Your task is to copy the listing exactly. Drop any pictures from the copy.

Records shown START

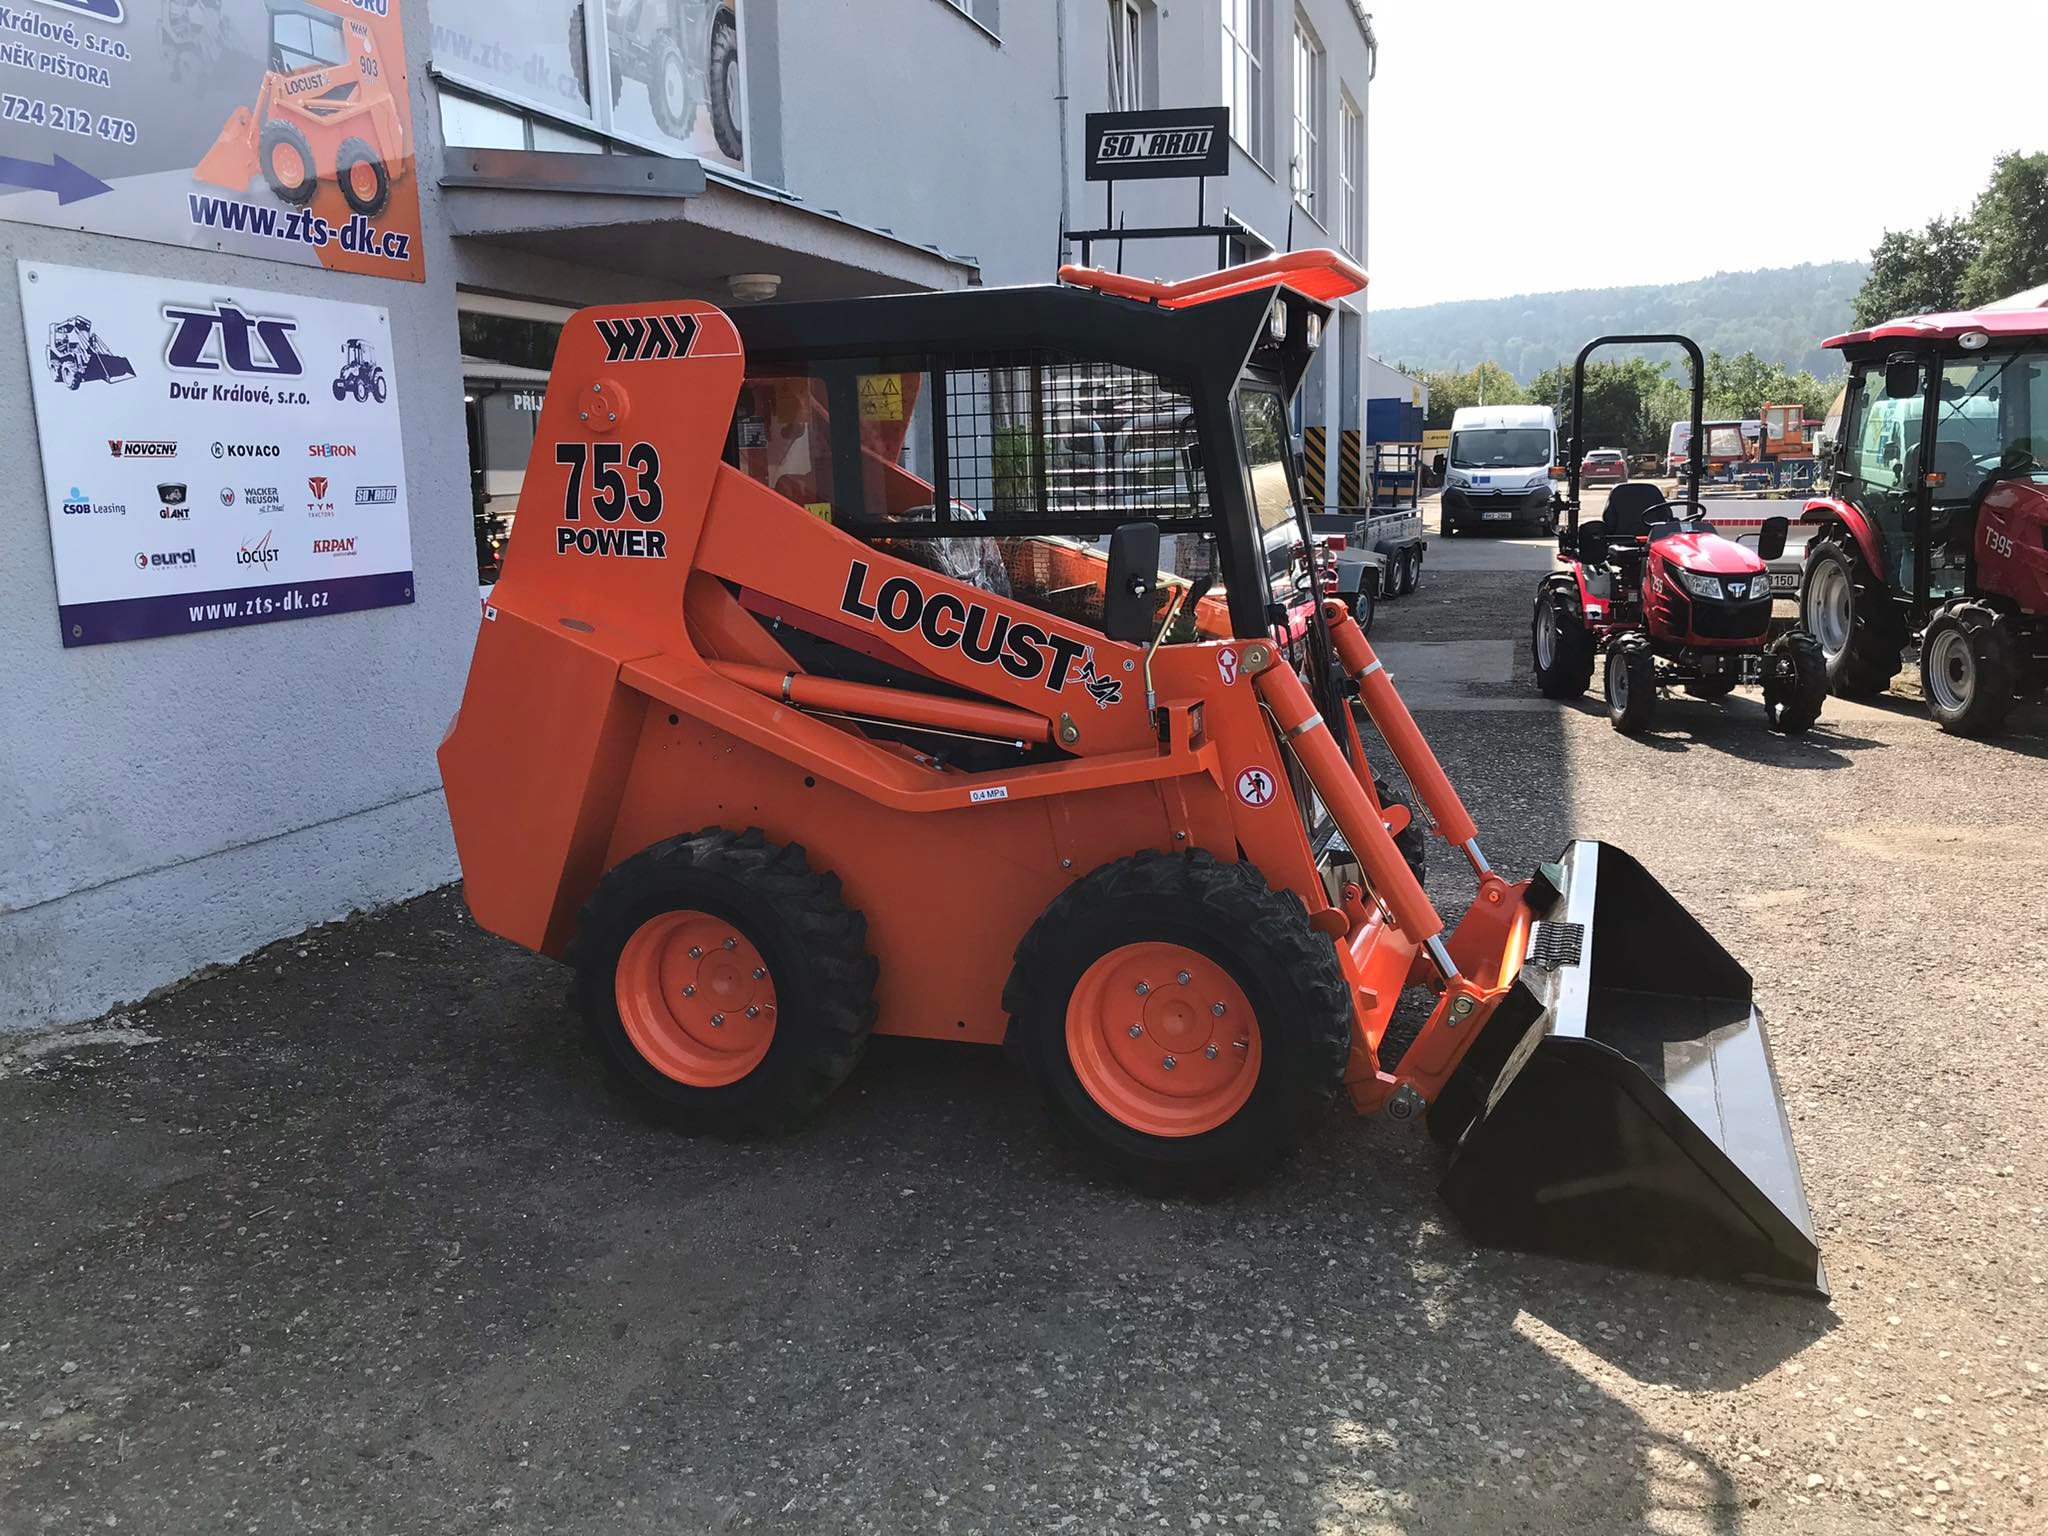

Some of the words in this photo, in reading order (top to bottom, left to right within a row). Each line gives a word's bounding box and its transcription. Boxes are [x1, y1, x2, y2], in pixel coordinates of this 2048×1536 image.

[85, 34, 130, 60] s.r.o.
[39, 53, 110, 87] PIŠTORA
[359, 55, 378, 77] 903
[284, 74, 324, 95] LOCUST
[3, 95, 45, 124] 724
[51, 105, 91, 134] 212
[97, 117, 137, 143] 479
[1099, 129, 1212, 160] SONAROL
[188, 194, 410, 260] www.zts-dk.cz
[593, 313, 703, 363] WAY
[169, 381, 208, 401] Dvůr
[212, 384, 273, 405] Králové,
[277, 391, 310, 405] s.r.o.
[227, 445, 281, 457] KOVACO
[308, 443, 356, 458] SHERON
[244, 487, 278, 496] WACKER
[555, 441, 665, 524] 753
[245, 495, 279, 505] NEUSON
[355, 488, 397, 502] SONAROL
[63, 503, 91, 515] ČSOB
[93, 502, 126, 516] Leasing
[159, 506, 190, 519] GIANT
[307, 503, 334, 511] TYM
[313, 537, 356, 554] KRPAN
[556, 526, 668, 559] POWER
[1985, 526, 2014, 559] T395
[151, 548, 197, 567] eurol
[236, 548, 280, 564] LOCUST
[189, 589, 329, 622] www.zts-dk.cz
[839, 558, 1086, 694] LOCUST
[987, 788, 1006, 799] MPa
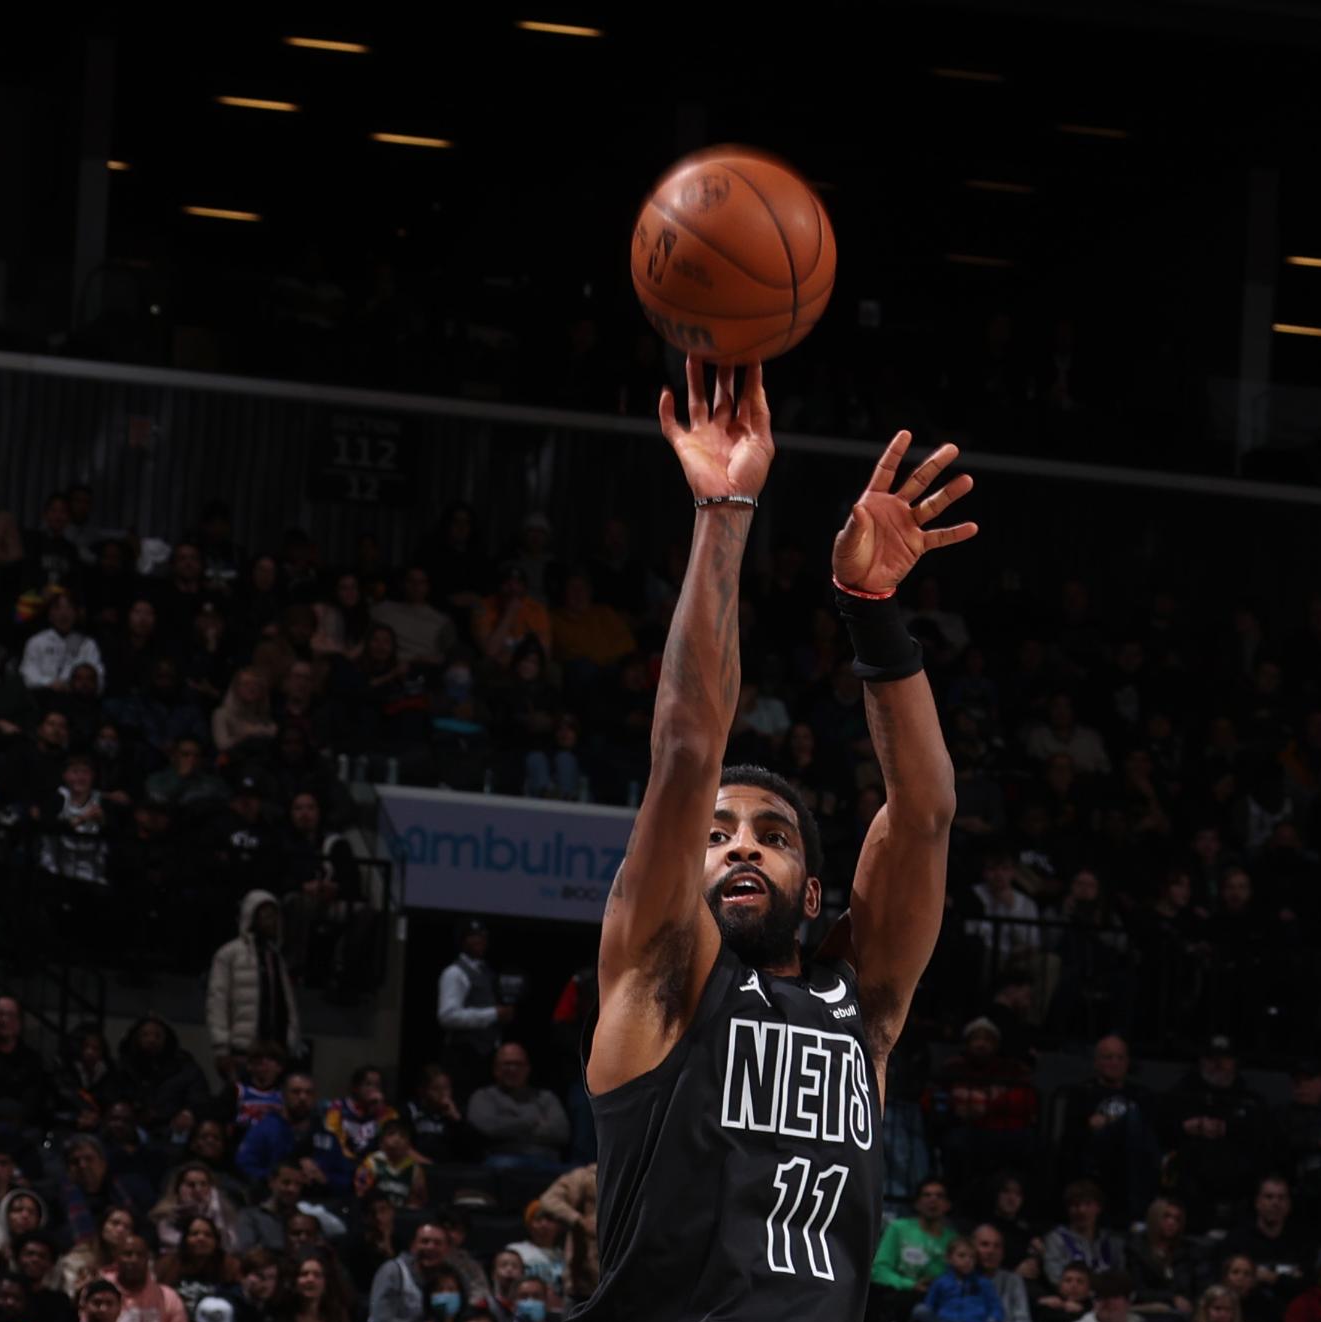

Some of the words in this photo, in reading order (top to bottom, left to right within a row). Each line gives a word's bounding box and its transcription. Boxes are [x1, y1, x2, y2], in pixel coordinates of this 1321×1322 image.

[333, 435, 399, 471] 112
[829, 1003, 858, 1021] ebull
[721, 1017, 873, 1151] NETS
[766, 1155, 850, 1282] 11

Records shown END

Written response:
Some of the words in this photo, in reading order (top to bottom, left to right within a row). Each line gives a word's bounding box and its transcription. Boxes are [x1, y1, x2, y2], in pixel coordinates of this 2048×1536 image.

[85, 34, 130, 60] s.r.o.
[39, 53, 110, 87] PIŠTORA
[359, 55, 378, 77] 903
[284, 74, 324, 95] LOCUST
[3, 95, 45, 124] 724
[51, 105, 91, 134] 212
[97, 117, 137, 143] 479
[1099, 129, 1212, 160] SONAROL
[188, 194, 410, 260] www.zts-dk.cz
[593, 313, 703, 363] WAY
[169, 381, 208, 401] Dvůr
[212, 384, 273, 405] Králové,
[277, 391, 310, 405] s.r.o.
[227, 445, 281, 457] KOVACO
[308, 443, 356, 458] SHERON
[244, 487, 278, 496] WACKER
[555, 441, 665, 524] 753
[245, 495, 279, 505] NEUSON
[355, 488, 397, 502] SONAROL
[63, 503, 91, 515] ČSOB
[93, 502, 126, 516] Leasing
[159, 506, 190, 519] GIANT
[307, 503, 334, 511] TYM
[313, 537, 356, 554] KRPAN
[556, 526, 668, 559] POWER
[1985, 526, 2014, 559] T395
[151, 548, 197, 567] eurol
[236, 548, 280, 564] LOCUST
[189, 589, 329, 622] www.zts-dk.cz
[839, 558, 1086, 694] LOCUST
[987, 788, 1006, 799] MPa

Some of the words in this photo, in reading order (top to bottom, left to right within a row). Each line gives a word's bounding box and its transcription. Boxes are [x1, y1, x2, y2], in pixel coordinates of this 1321×1322 image.

[333, 435, 399, 471] 112
[829, 1003, 858, 1021] ebull
[721, 1017, 873, 1151] NETS
[766, 1155, 850, 1282] 11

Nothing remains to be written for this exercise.